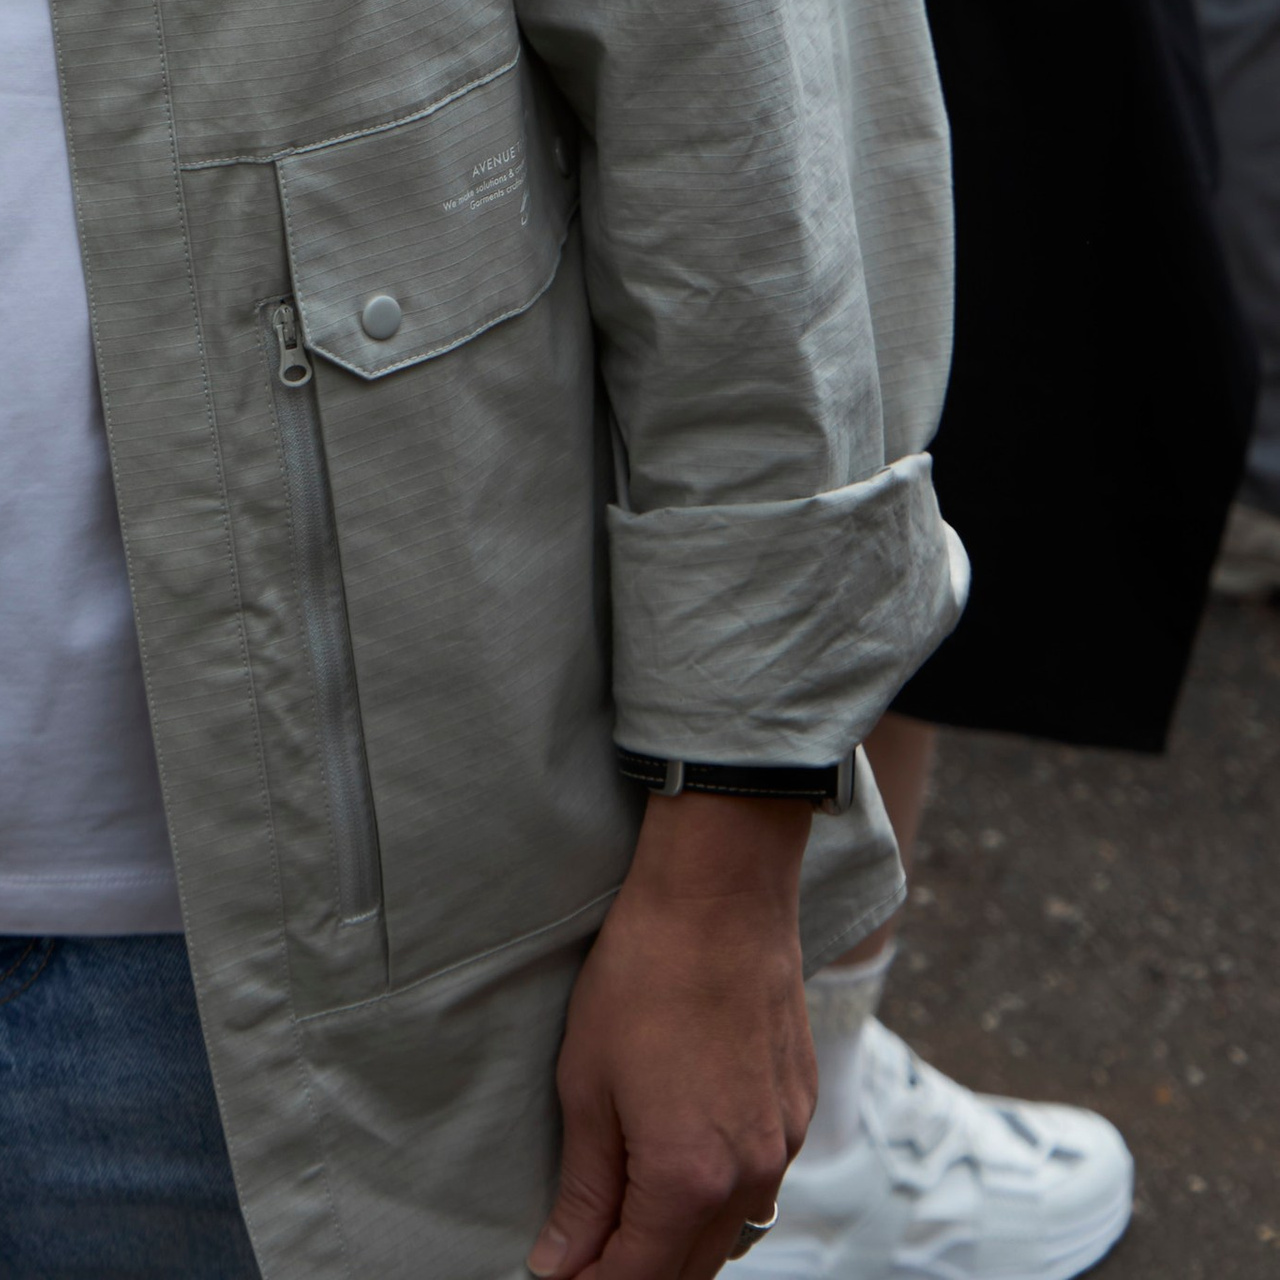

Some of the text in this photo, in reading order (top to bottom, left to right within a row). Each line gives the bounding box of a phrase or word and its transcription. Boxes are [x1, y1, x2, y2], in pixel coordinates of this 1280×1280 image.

[472, 146, 516, 178] AVENUE
[442, 168, 515, 211] We make solutions &
[469, 189, 505, 210] Garments
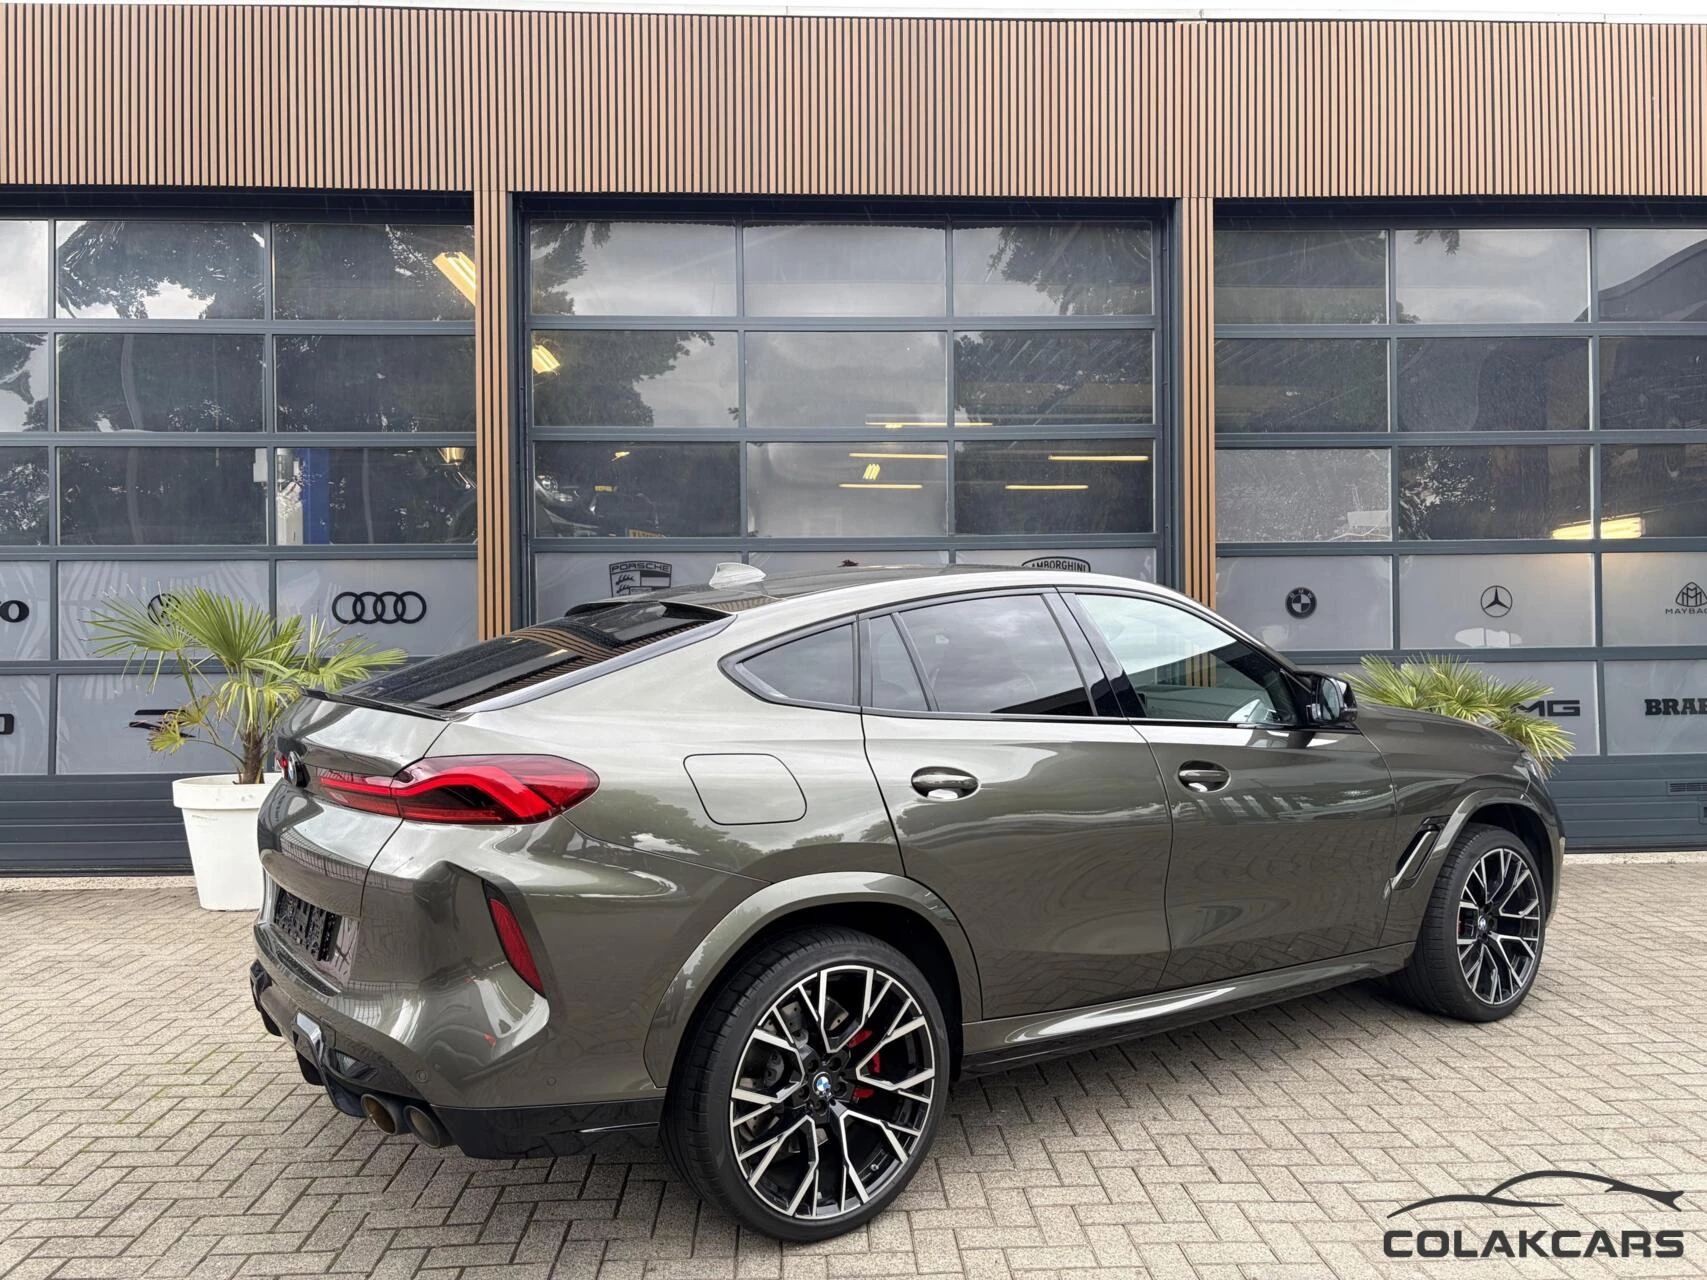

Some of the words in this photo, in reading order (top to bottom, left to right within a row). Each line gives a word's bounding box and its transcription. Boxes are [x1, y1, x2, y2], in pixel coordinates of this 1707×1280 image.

[611, 562, 670, 573] PORSCHE
[1031, 560, 1087, 573] MBORGHINI
[1510, 700, 1581, 717] MG
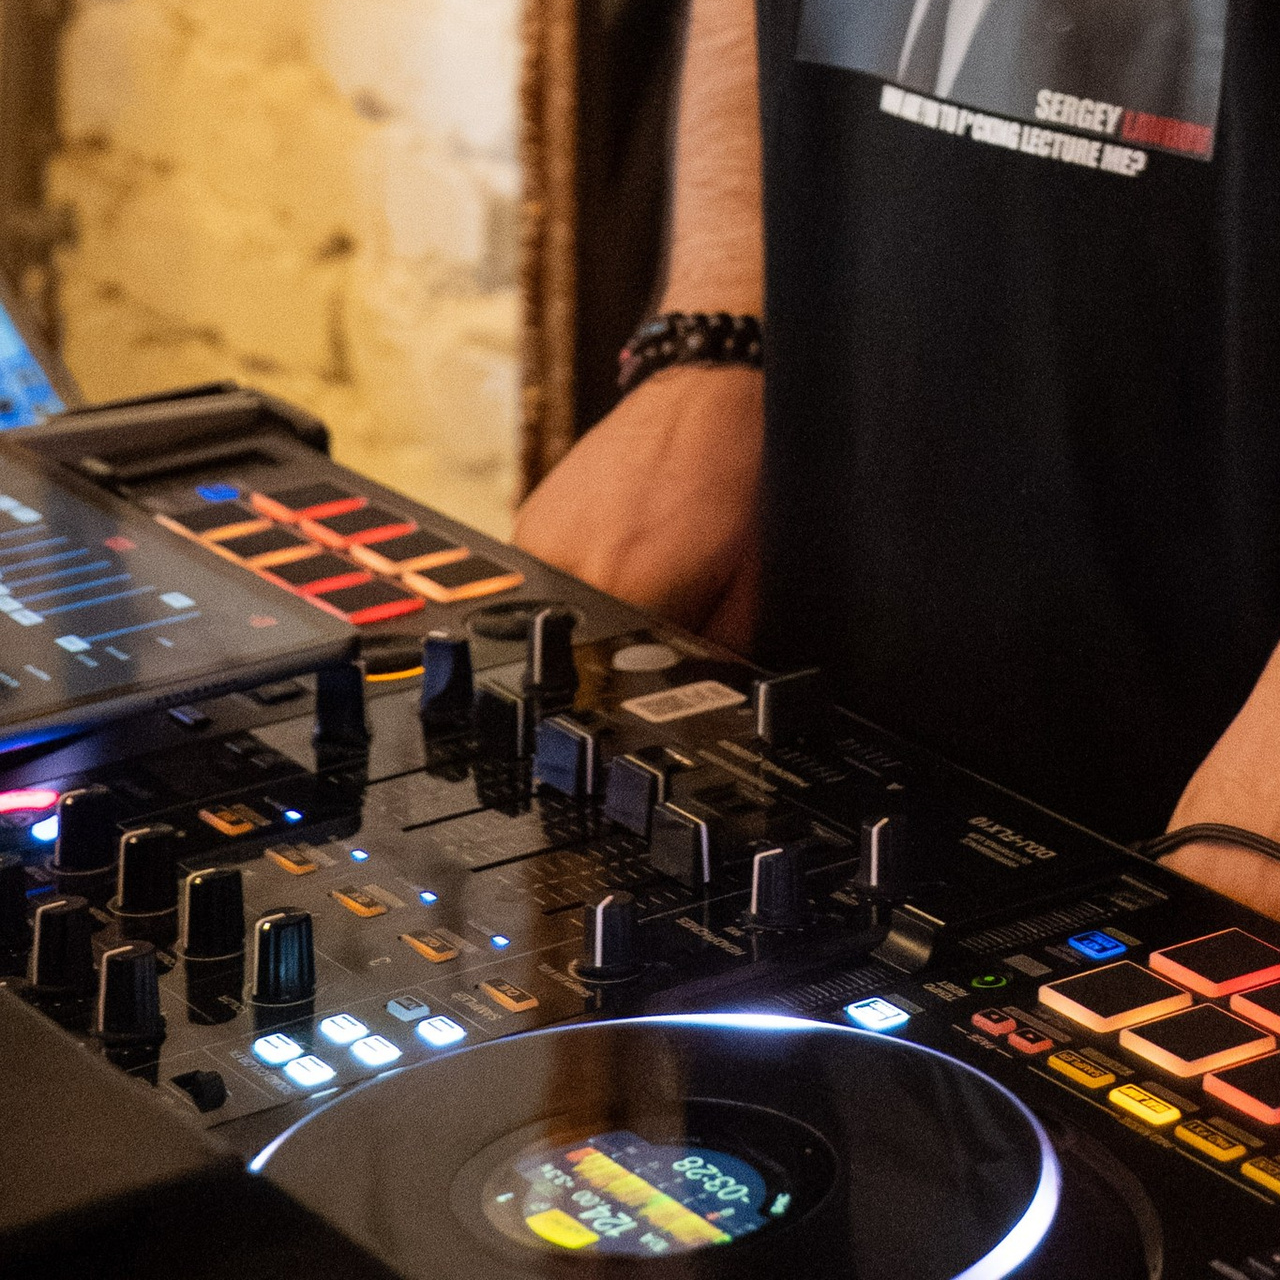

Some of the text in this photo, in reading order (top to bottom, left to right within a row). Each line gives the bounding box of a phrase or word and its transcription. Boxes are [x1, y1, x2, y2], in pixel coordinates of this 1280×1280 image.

[1034, 89, 1125, 134] SERGEY
[1017, 126, 1102, 170] LECTURE
[1058, 1052, 1101, 1078] SAMPLER
[672, 1156, 751, 1204] -03:28
[571, 1189, 638, 1237] 124.00
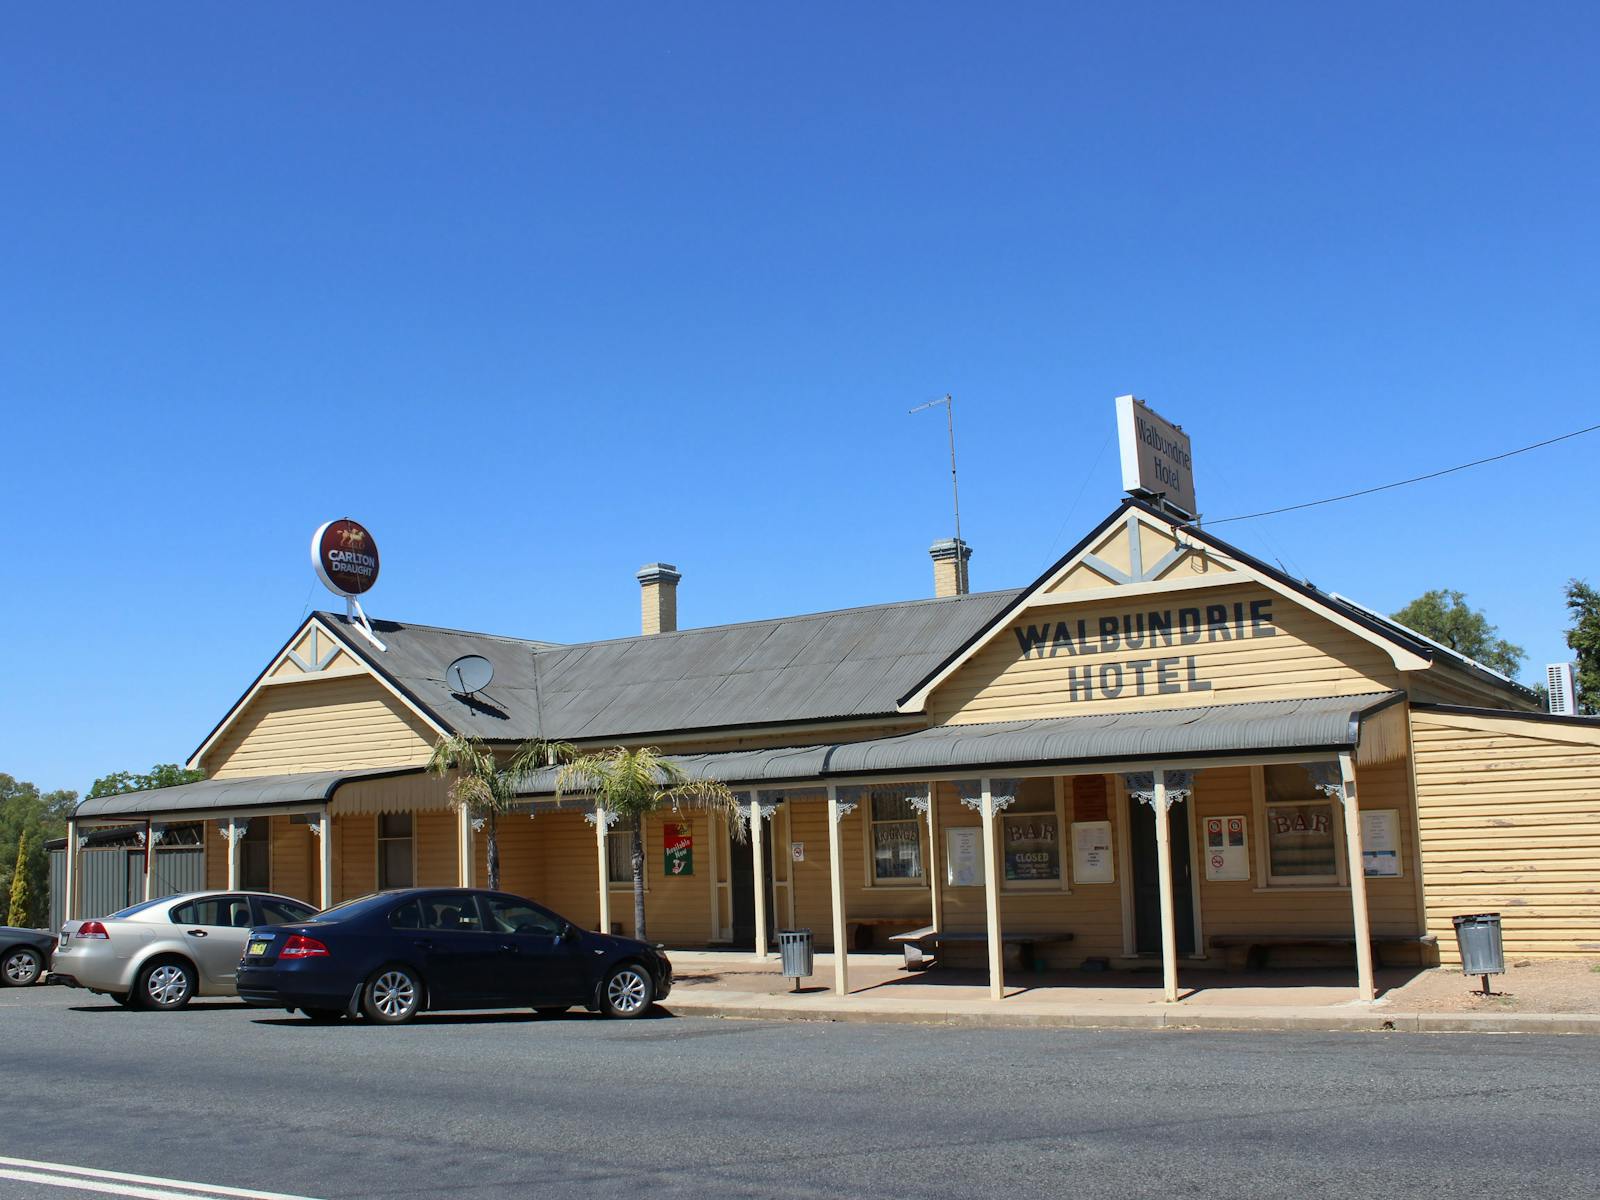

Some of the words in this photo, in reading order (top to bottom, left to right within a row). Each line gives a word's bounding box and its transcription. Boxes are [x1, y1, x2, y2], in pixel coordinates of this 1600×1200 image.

[1136, 416, 1191, 471] Walbundrie
[1154, 456, 1180, 492] Hotel
[328, 549, 375, 568] CARLTON
[332, 561, 373, 577] DRAUGHT
[1014, 599, 1276, 660] WALBUNDRIE
[1068, 655, 1212, 702] HOTEL
[1008, 823, 1056, 842] BAR
[1272, 814, 1330, 835] BAR
[1015, 852, 1049, 863] CLOSED

What to work on: Output every entry exactly. Pictures stay out.

Solution for this exercise:
Some of the text in this photo, in reading order (top to bottom, left to right within a row). Each line gives the bounding box of a phrase or word and its transcription. Boxes are [x1, y1, x2, y2], in pixel coordinates of this 1280×1280 image.

[472, 146, 516, 178] AVENUE
[442, 168, 515, 211] We make solutions &
[469, 189, 505, 210] Garments

Some of the words in this photo, in reading order (top to bottom, left to right within a row). Each line gives a word's bounding box and its transcription. Boxes are [x1, y1, x2, y2], in pixel coordinates of this 1707×1280 image.

[611, 562, 670, 573] PORSCHE
[1031, 560, 1087, 573] MBORGHINI
[1510, 700, 1581, 717] MG

Some of the text in this photo, in reading order (top to bottom, left to right within a row). Each line gives the bounding box of a phrase or word and its transcription. Boxes are [x1, y1, x2, y2], in pixel coordinates of this 1280×1280 image.

[1034, 89, 1125, 134] SERGEY
[1017, 126, 1102, 170] LECTURE
[1058, 1052, 1101, 1078] SAMPLER
[672, 1156, 751, 1204] -03:28
[571, 1189, 638, 1237] 124.00

Some of the words in this photo, in reading order (top to bottom, left to right within a row). Each line gives a word's bounding box and its transcription. Boxes are [x1, y1, x2, y2], in pixel coordinates of this 1600×1200 image.

[1136, 416, 1191, 471] Walbundrie
[1154, 456, 1180, 492] Hotel
[328, 549, 375, 568] CARLTON
[332, 561, 373, 577] DRAUGHT
[1014, 599, 1276, 660] WALBUNDRIE
[1068, 655, 1212, 702] HOTEL
[1008, 823, 1056, 842] BAR
[1272, 814, 1330, 835] BAR
[1015, 852, 1049, 863] CLOSED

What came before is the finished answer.